[Records to process]

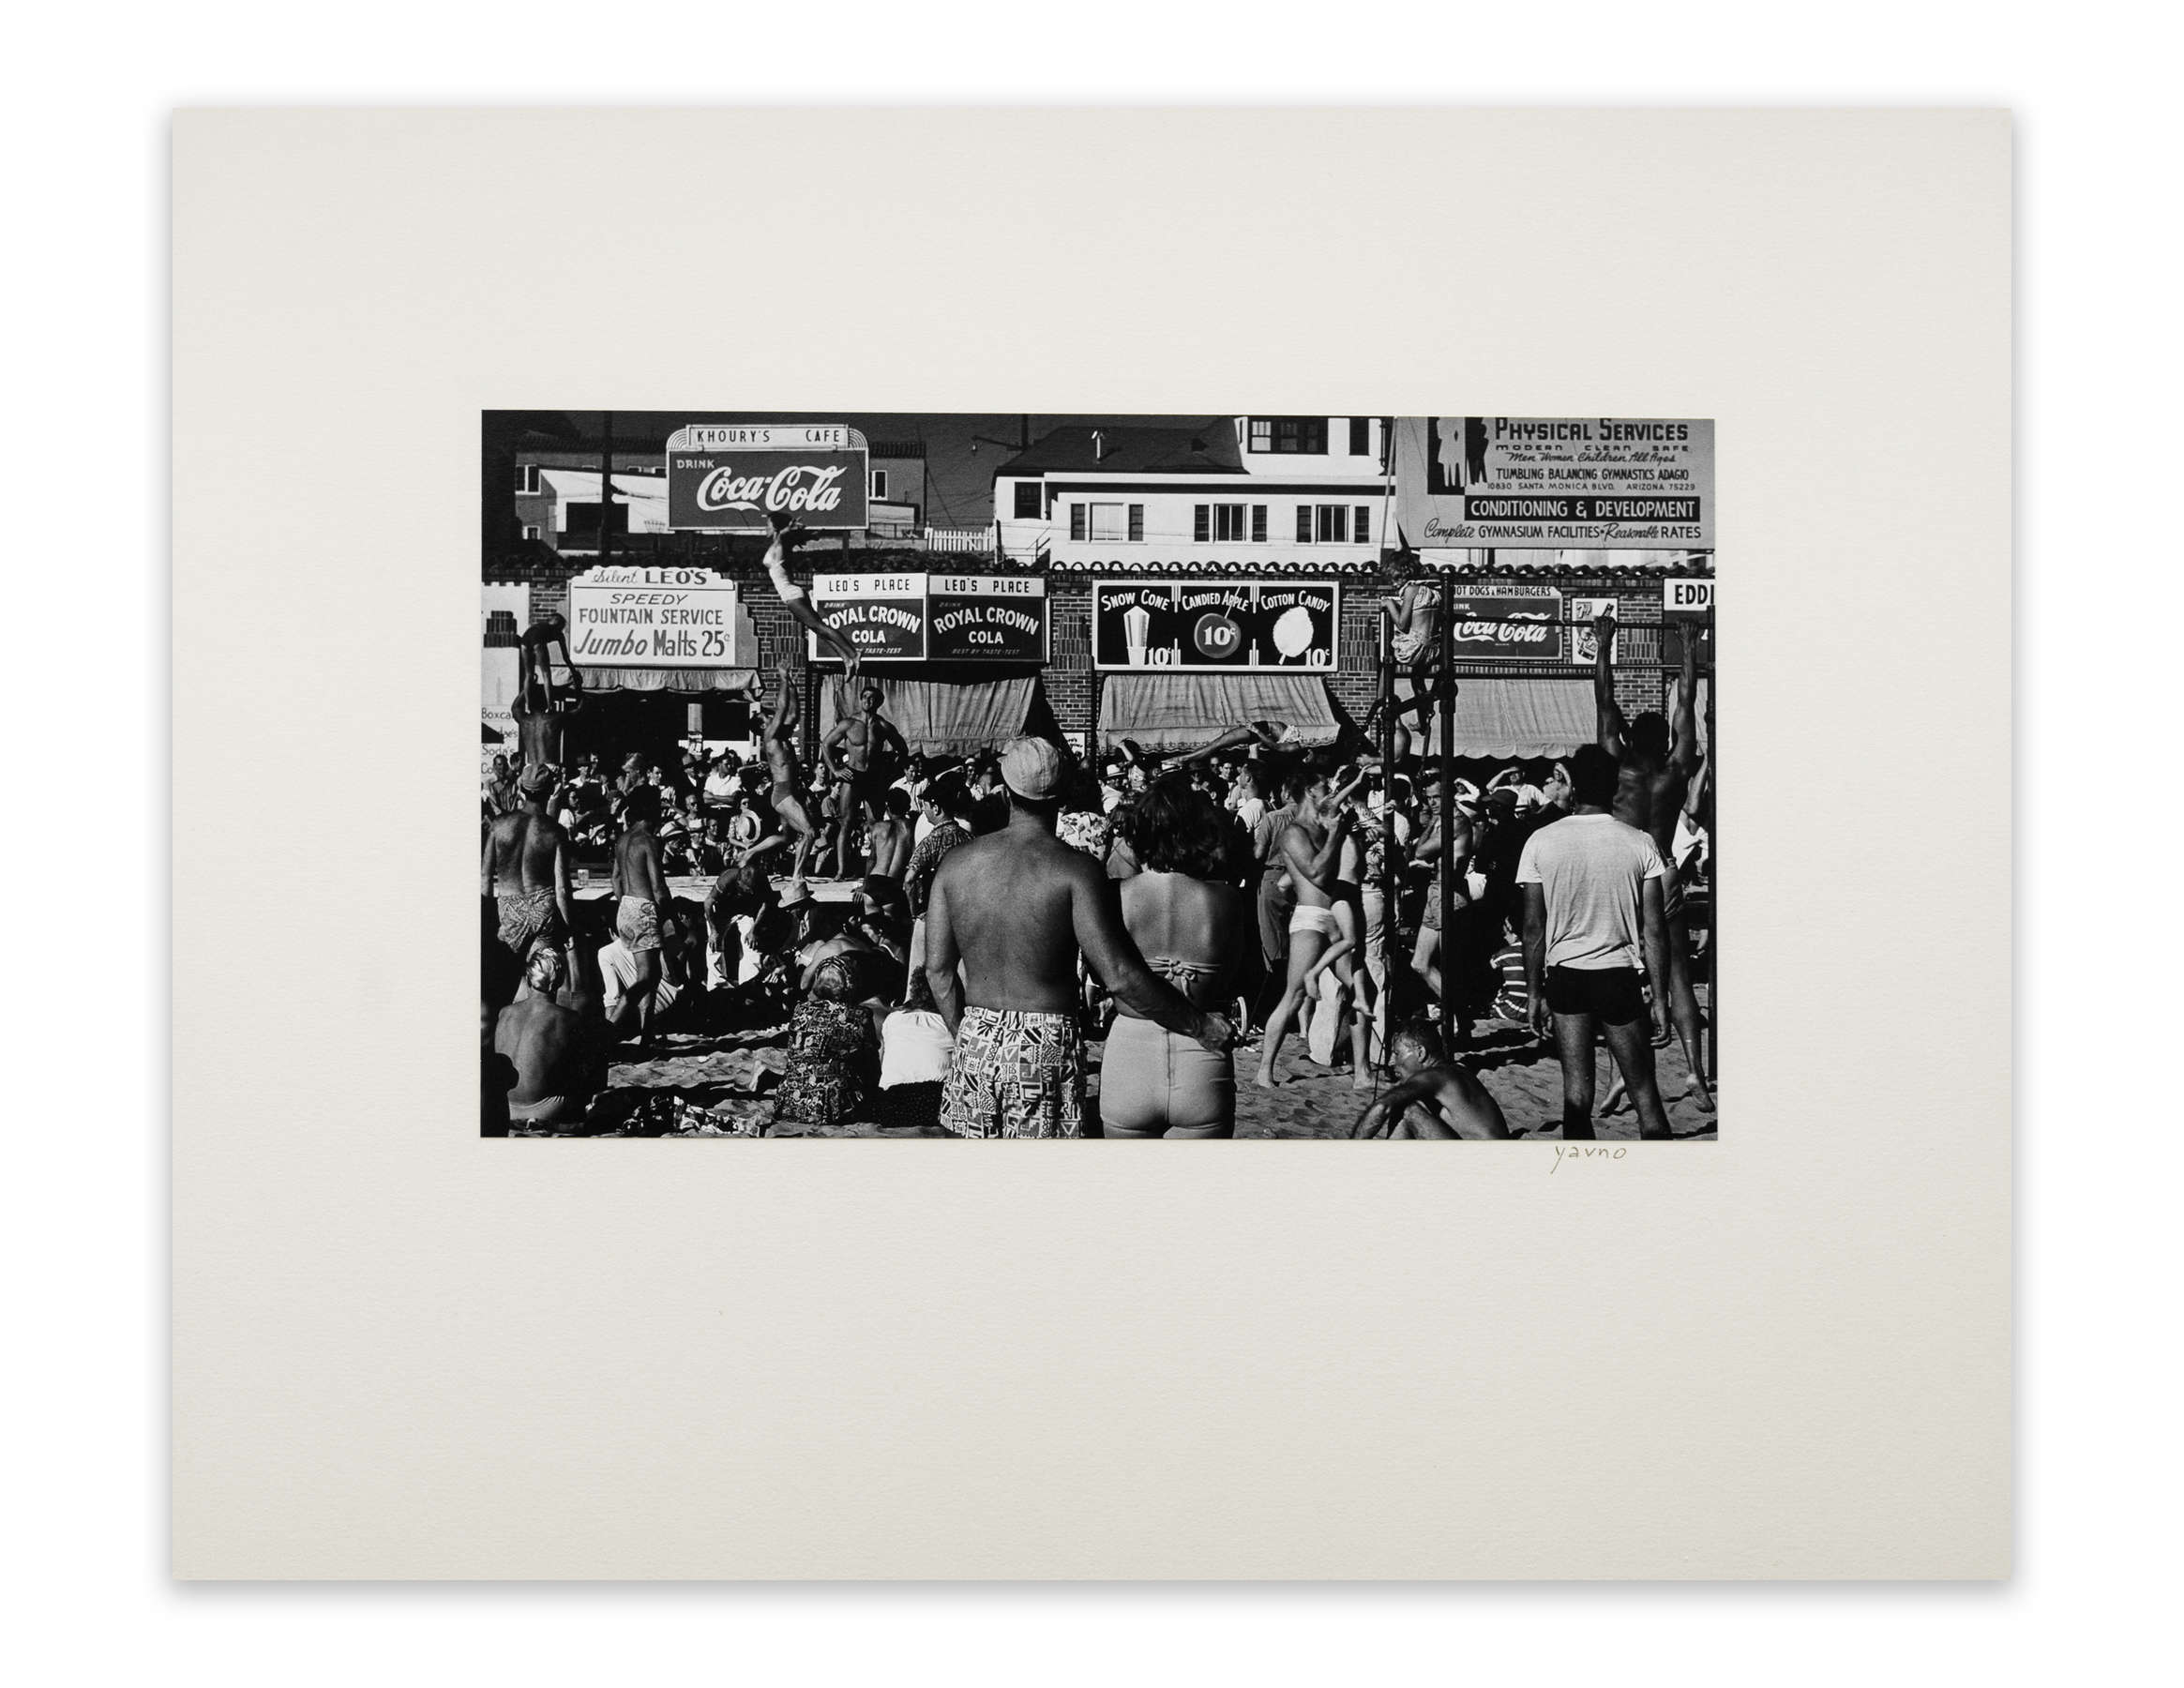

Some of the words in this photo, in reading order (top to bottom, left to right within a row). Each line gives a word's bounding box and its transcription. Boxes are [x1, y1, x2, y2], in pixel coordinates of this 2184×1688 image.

[697, 430, 771, 443] KHOURY'S
[806, 430, 840, 443] CAFE
[1495, 417, 1593, 441] PHYSICAL
[1599, 418, 1688, 442] SERVICES
[676, 459, 715, 469] DRINK
[1504, 451, 1537, 462] Men
[1538, 451, 1574, 462] Women
[1576, 451, 1628, 463] Children
[1628, 451, 1650, 462] All
[1649, 452, 1678, 467] Ages
[1496, 468, 1544, 480] TUMBLING
[1548, 469, 1598, 480] BALANCING
[1601, 468, 1655, 481] GYMNASTICS
[1657, 469, 1690, 481] ADAGIO
[696, 465, 848, 512] Coca-Cola
[1548, 482, 1589, 490] MONICA
[1470, 500, 1568, 517] CONDITIONING
[1575, 501, 1587, 519] &
[1595, 501, 1695, 518] DEVELOPMENT
[1423, 517, 1475, 544] Complete
[1478, 525, 1544, 538] GYMNASIUM
[1603, 522, 1659, 542] Reasonable
[1661, 526, 1702, 539] RATES
[591, 570, 639, 583] Silent
[644, 570, 707, 585] LEO'S
[829, 578, 860, 593] LEO'S
[874, 579, 911, 591] PLACE
[944, 577, 978, 593] LEO'S
[993, 580, 1031, 594] PLACE
[610, 593, 688, 606] SPEEDY
[1454, 586, 1468, 596] OT
[1469, 586, 1491, 596] DOGS
[1497, 586, 1552, 597] HAMBURGERS
[1101, 593, 1136, 611] SNOW
[1140, 589, 1171, 611] CONE
[1182, 593, 1221, 611] CANDIED
[1221, 590, 1250, 612] APPLE
[1260, 593, 1296, 610] COTTON
[1298, 589, 1332, 613] CANDY
[579, 608, 654, 625] FOUNTAIN
[660, 609, 724, 625] SERVICE
[868, 605, 922, 634] CROWN
[933, 607, 984, 635] ROYAL
[987, 606, 1040, 636] CROWN
[574, 628, 648, 656] Jumbo
[654, 629, 697, 657] Malts
[851, 629, 886, 644] COLA
[968, 630, 1004, 645] COLA
[481, 707, 512, 719] Boxca

[/Records to process]

**What you need to do**
The lines to copy are those above that contain the string "CROWN".

**Response**
[868, 605, 922, 634] CROWN
[987, 606, 1040, 636] CROWN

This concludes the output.